During the seven years of Sir Richard’s absence, Lady Howard wrote many letters to her steward Cutteford, who occupied Walreddon and managed her estates in Devon and Cornwall. Whether it was intended as humour or not we cannot say, but she invariably addressed her agent as “Guts,” “Honest Guts,” “Good Guts,” and once “Froward Guts,” and almost every letter was for money. In all the seven years since the decree of divorce, Sir Richard had certainly not received one penny of the sum allotted to him to be paid annually from his wife’s income, and when he returned to England in 1639 he carried his cause before the King’s Council, and claimed of the Earl of Suffolk arrears to the amount of £12,656.

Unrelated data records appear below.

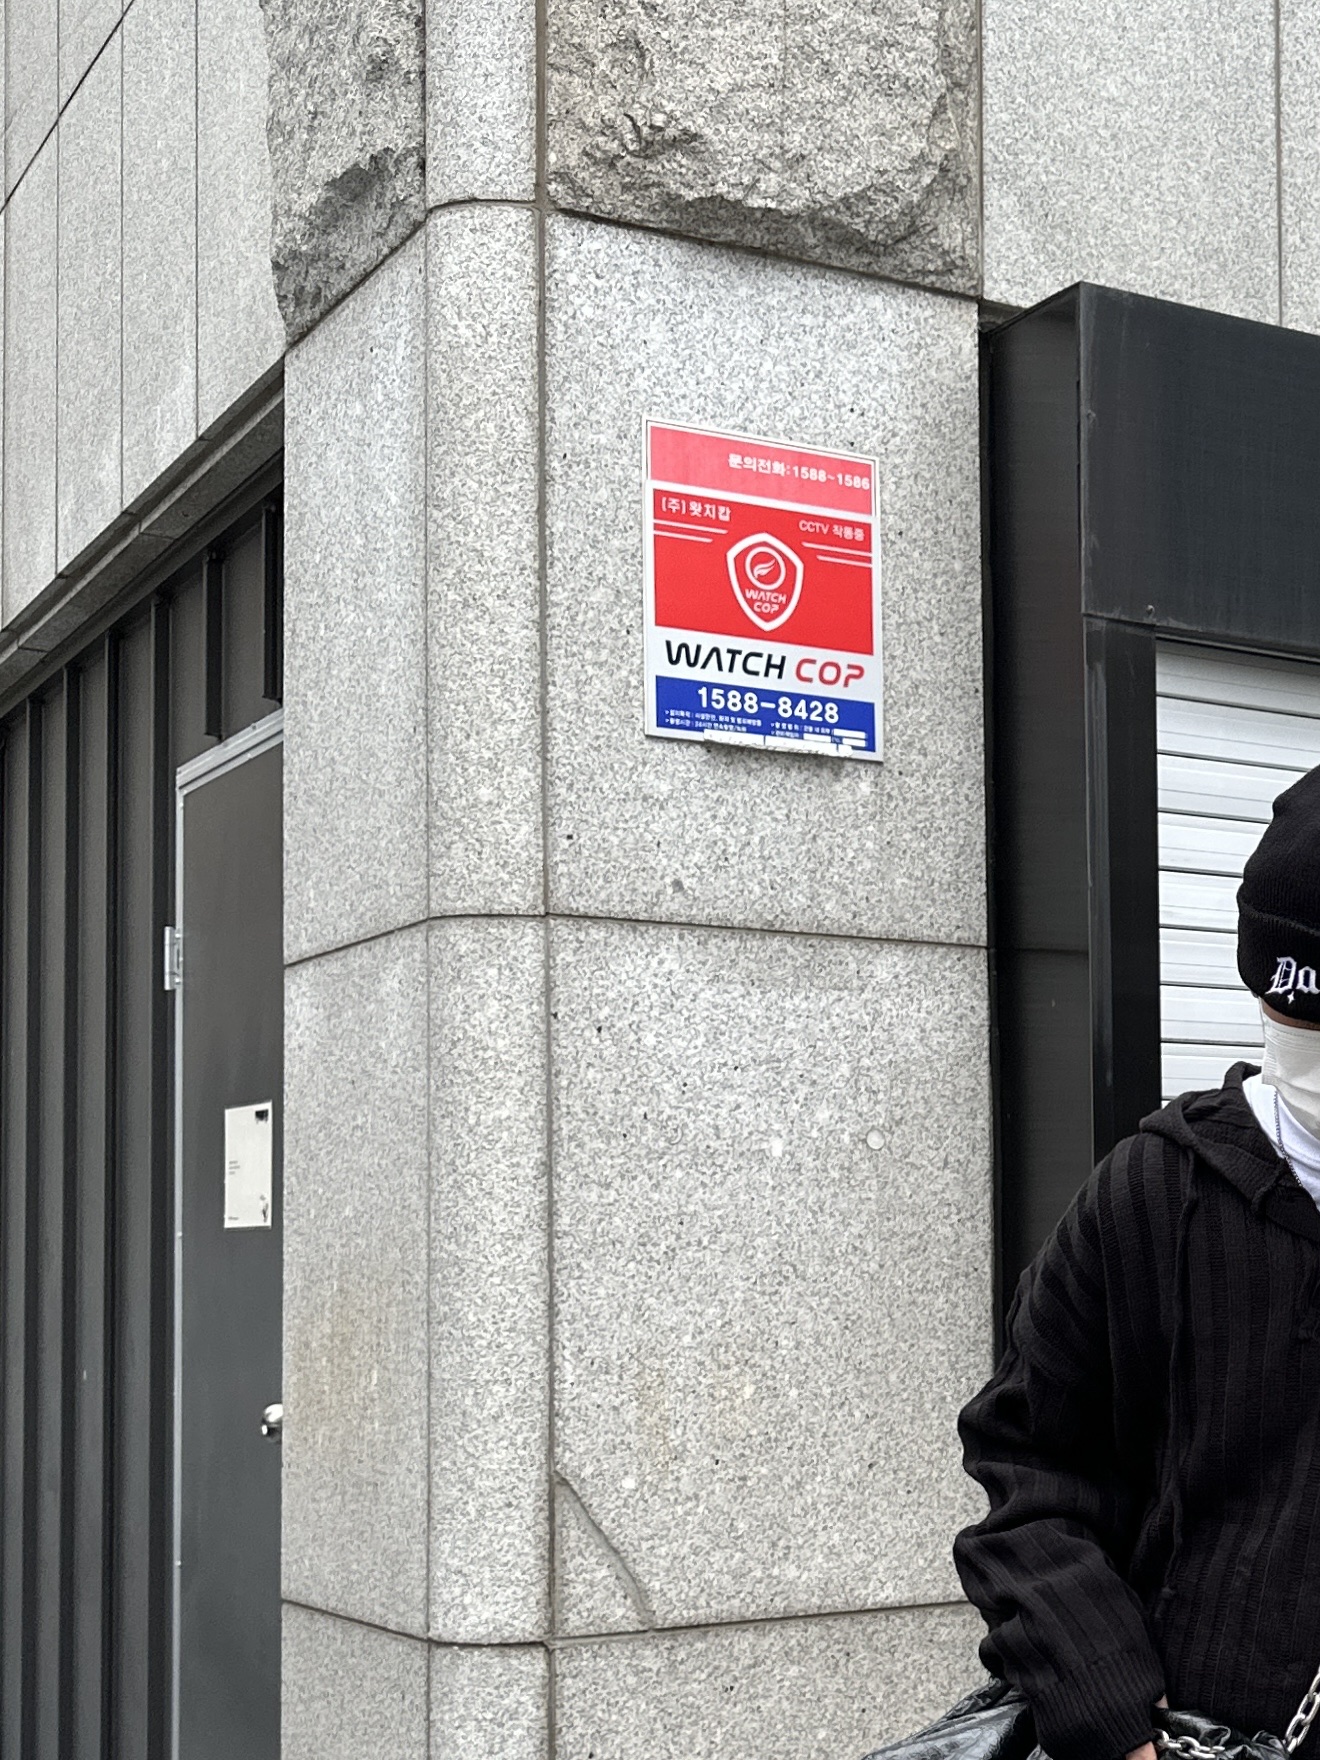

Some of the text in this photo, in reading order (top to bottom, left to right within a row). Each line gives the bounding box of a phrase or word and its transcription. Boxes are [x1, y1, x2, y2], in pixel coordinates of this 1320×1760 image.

[799, 520, 830, 535] CCTV
[745, 588, 787, 605] WATCH
[753, 601, 780, 614] COP
[665, 640, 865, 688] WATCH COP
[697, 686, 839, 724] 1588-8428
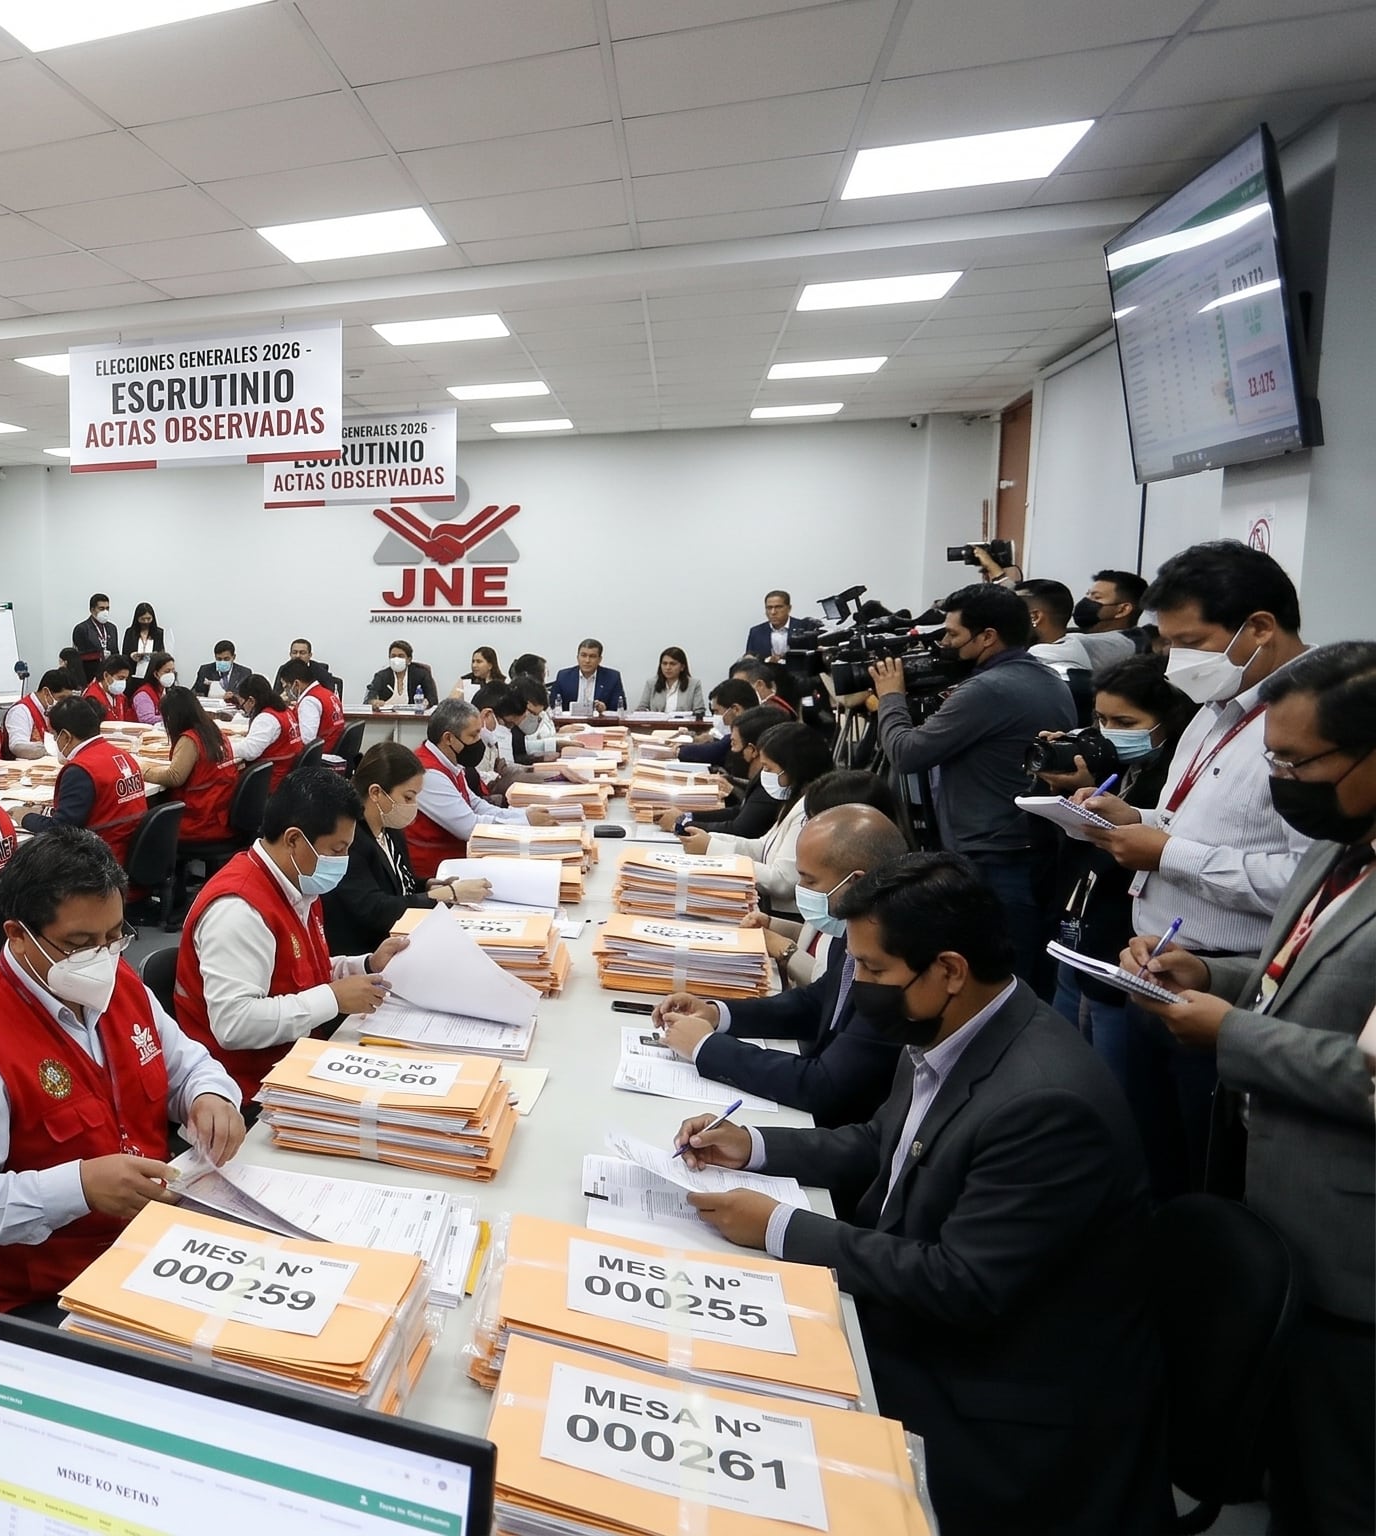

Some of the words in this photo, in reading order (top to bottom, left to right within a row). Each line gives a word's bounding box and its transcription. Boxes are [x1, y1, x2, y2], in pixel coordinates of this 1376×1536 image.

A committee was appointed to hear Sir Richard’s cause, in December, 1640, and so hopeful was he of success, that he actually went down to Fitzford, turned out the caretakers, and installed his aunt there again. Lady Howard wrote to her steward in “a very great distraction” on hearing of these proceedings. But before his case was decided, he was sent by the King to Ireland in command of a troop, and arrived in Dublin in March, 1641–2. He remained in Ireland for more than a year, and earned distinction as a commander. On his return, he learned that the King, who was at Oxford, was short of money, and that the Parliament in London had plenty. He had not been paid for his services in Ireland, so he rode to where the money bags were, assumed the Puritan cant and nasal twang, recounted his great service, and protested his desire to quit the “Tents of Shem and cast in his lot with the righteous,” i.e. to desert the royal cause. The Parliament was delighted, he was at once paid all arrears, was made a major-general of horse in the Parliamentary army, with a regiment of five hundred horse, and power to choose his own officers. On 2 March, 1643–4, he set out with his regiment, riding through London amidst the plaudits of the citizens. His banner was carried in front, displaying a map of England and Wales on a crimson ground, with “England bleeding” in golden letters across the top. The regiment rode on as far as Bagshot, when a halt was called. Then Sir Richard harangued the officers and men, set forth the sinfulness of fighting against their anointed King, and concluded by inviting them to follow him to Oxford, to fight for the King instead of against him. The officers, whom he had not failed to pick out from among his most trusty friends and dependents, all cheerfully assented, and followed by most of his soldiers, Sir Richard rode straight to Oxford and presented himself to the King at the head of a well-equipped troop, and placed his sword at His Majesty’s disposal. The Parliament, duped, was furious, a price was set on Sir Richard’s head, and he was hanged in effigy. A Proclamation was issued, declaring him “traytor, rogue, villain and skellum”—this last word was deemed so appropriate that henceforth he was known as Skellum Grenville. William Lilly, the astrologer, refers to him when he says: “Have we another Red Fox like Sir R. G. acting his close devotions to do our Army mischief? Let’s be wary!”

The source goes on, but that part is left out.